What this task involves: Please reproduce the entries exactly as they appear below, but not the pictures.

Raw data:
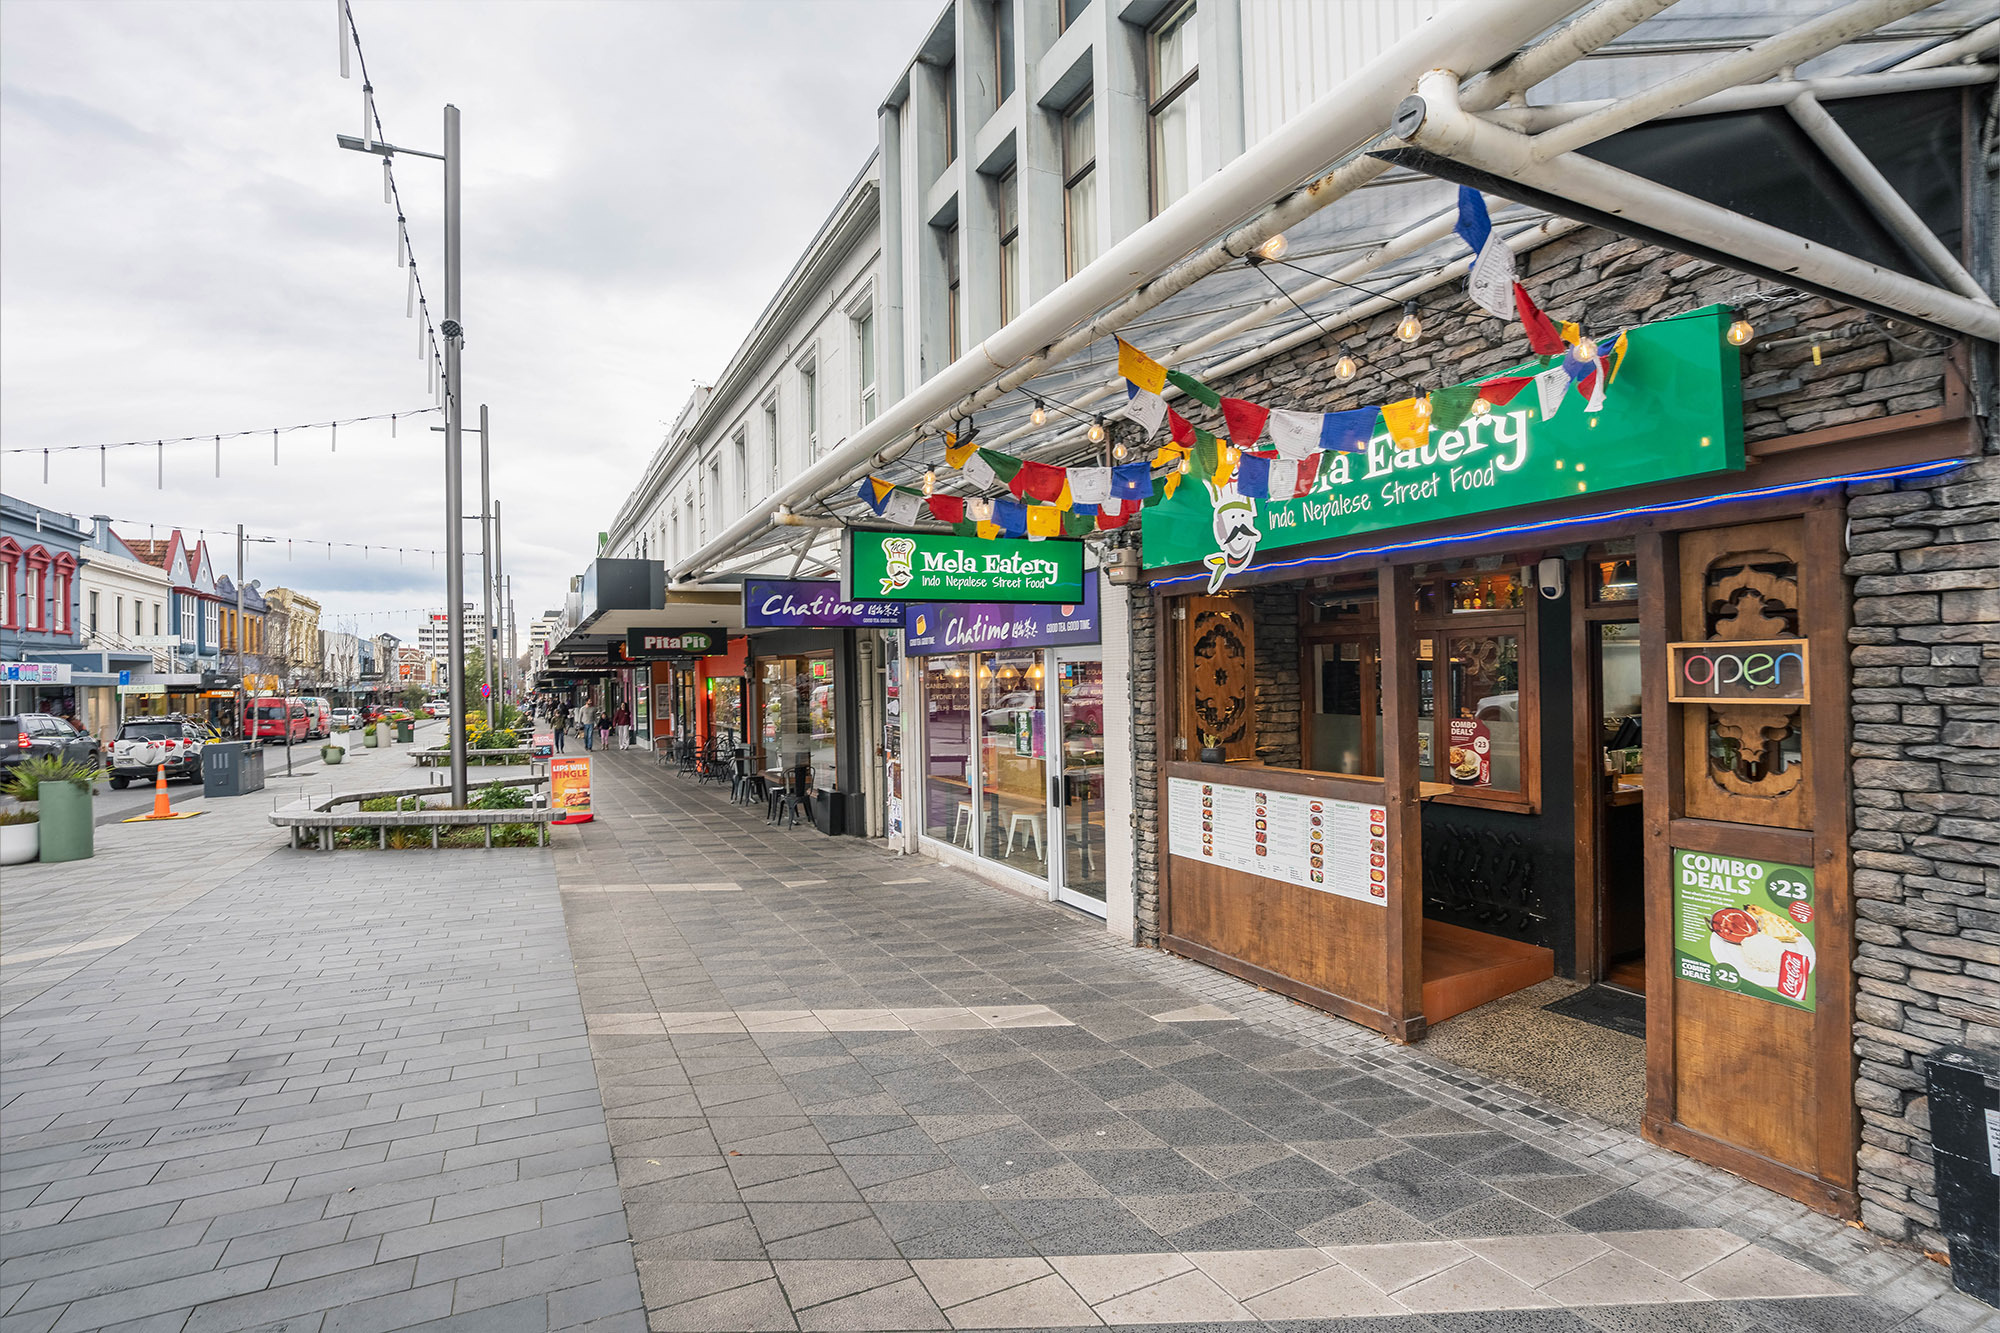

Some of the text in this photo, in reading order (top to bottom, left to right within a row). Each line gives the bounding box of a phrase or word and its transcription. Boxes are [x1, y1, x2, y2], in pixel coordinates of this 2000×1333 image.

[1268, 459, 1495, 531] Indo Nepalese Street Food
[920, 549, 1059, 585] Mela Eatery
[922, 575, 1045, 590] Indo Nepalese Street Food
[761, 594, 865, 616] Chatime
[945, 614, 1009, 646] Chatime
[1046, 623, 1058, 633] GOOD
[1067, 620, 1079, 631] GOOD
[1451, 721, 1477, 729] COMBO
[553, 763, 587, 772] LIPS WILL
[554, 769, 588, 779] TINGLE
[1682, 854, 1763, 880] COMBO
[1769, 879, 1807, 900] $23
[1682, 962, 1711, 975] COMBO
[1682, 969, 1711, 982] DEALS
[1715, 969, 1738, 984] $25

Response box:
Some of the text in this photo, in reading order (top to bottom, left to right within a row). Each line gives the bounding box of a phrase or word and its transcription. Boxes are [x1, y1, x2, y2], in pixel coordinates of this 2000×1333 image.

[1268, 459, 1495, 531] Indo Nepalese Street Food
[920, 549, 1059, 585] Mela Eatery
[922, 575, 1045, 590] Indo Nepalese Street Food
[761, 594, 865, 616] Chatime
[945, 614, 1009, 646] Chatime
[1046, 623, 1058, 633] GOOD
[1067, 620, 1079, 631] GOOD
[1451, 721, 1477, 729] COMBO
[553, 763, 587, 772] LIPS WILL
[554, 769, 588, 779] TINGLE
[1682, 854, 1763, 880] COMBO
[1769, 879, 1807, 900] $23
[1682, 962, 1711, 975] COMBO
[1682, 969, 1711, 982] DEALS
[1715, 969, 1738, 984] $25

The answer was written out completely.